À beaucoup d'égards, la surprise des média et des politiques face à la survenue des gilets jaunes en 2018 égale celle qui survint un certain 21 avril 2002 lorsque Jean-Marie le Pen se retrouva qualifié pour le second tour de l'élection présidentielle : même stupeur, même incompréhension de la part de l'appareil médiatico-politique. Comment en sommes-nous arrivés là ? semble nous questionner, en substance, Christophe Guilluy.

Au travers de l'étude de cartes, d'indices, de pourcentages, de résultats de vote, etc., l'auteur énonce sa thèse explicative : depuis la fin des années 1970/début des années 1980, la France (mais plus généralement les économies occidentales) se sont engagées de plus en plus ouvertement vers un système mondialisé.
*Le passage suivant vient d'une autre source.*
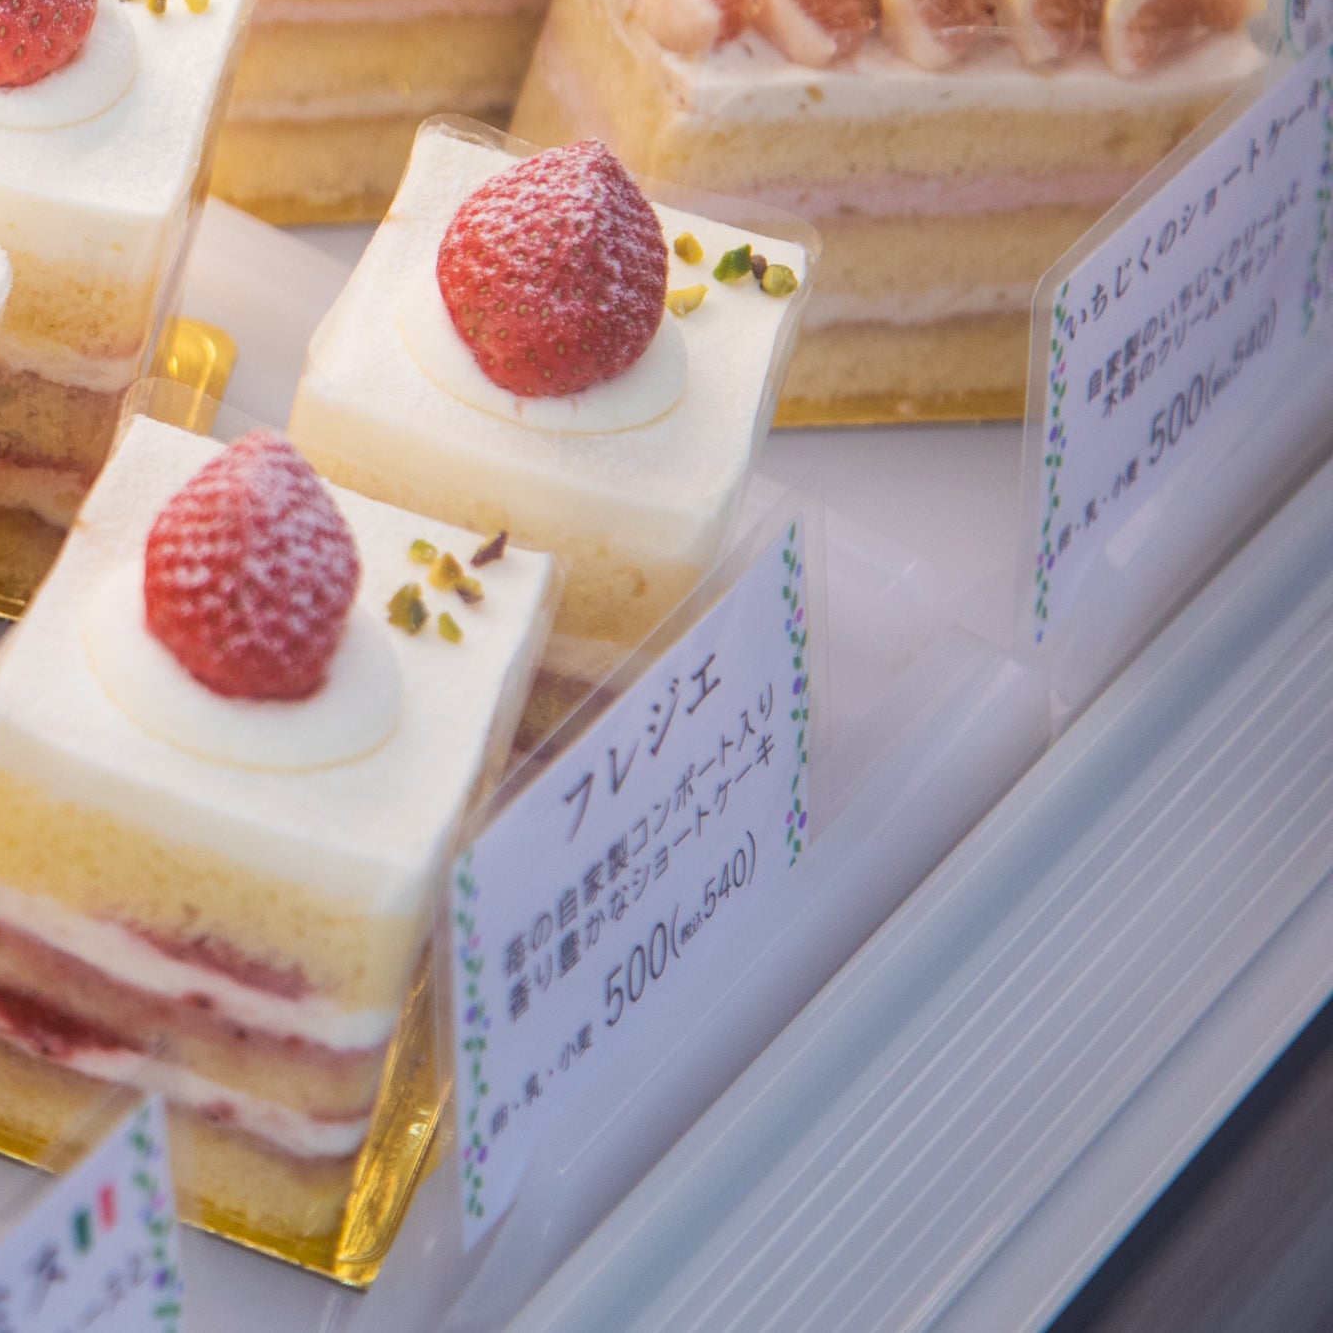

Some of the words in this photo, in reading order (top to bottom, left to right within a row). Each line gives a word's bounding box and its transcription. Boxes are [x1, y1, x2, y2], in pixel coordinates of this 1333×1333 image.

[502, 682, 776, 978] 苺の自家製コンポート入り
[507, 733, 776, 1024] 香り豊かなショートケーキ
[562, 653, 723, 842] フレジエ
Ce phénomène s'est accéléré au début des années 1990 avec l'implosion du bloc soviétique.

Quelles conséquences à l'échelon local ? Beaucoup d'emplois à faible valeur ajoutée ont été délocalisés ; les métropoles, c'est-à-dire les villes ayant une certaine masse critique sont devenues les principaux bassins de création d'emplois, mais des emplois à plus forte valeur ajoutée, le plus souvent qualifiés voire très qualifiés.

L'afflux d'une main-d'oeuvre qualifiée et bien payée a mécaniquement engendré une hausse des loyers dans ces grandes métropoles. Par effet de vases communicants, ces mêmes villes se sont peu à peu vidées des classes populaires historiques (d'origine française ou immigrée de longue date).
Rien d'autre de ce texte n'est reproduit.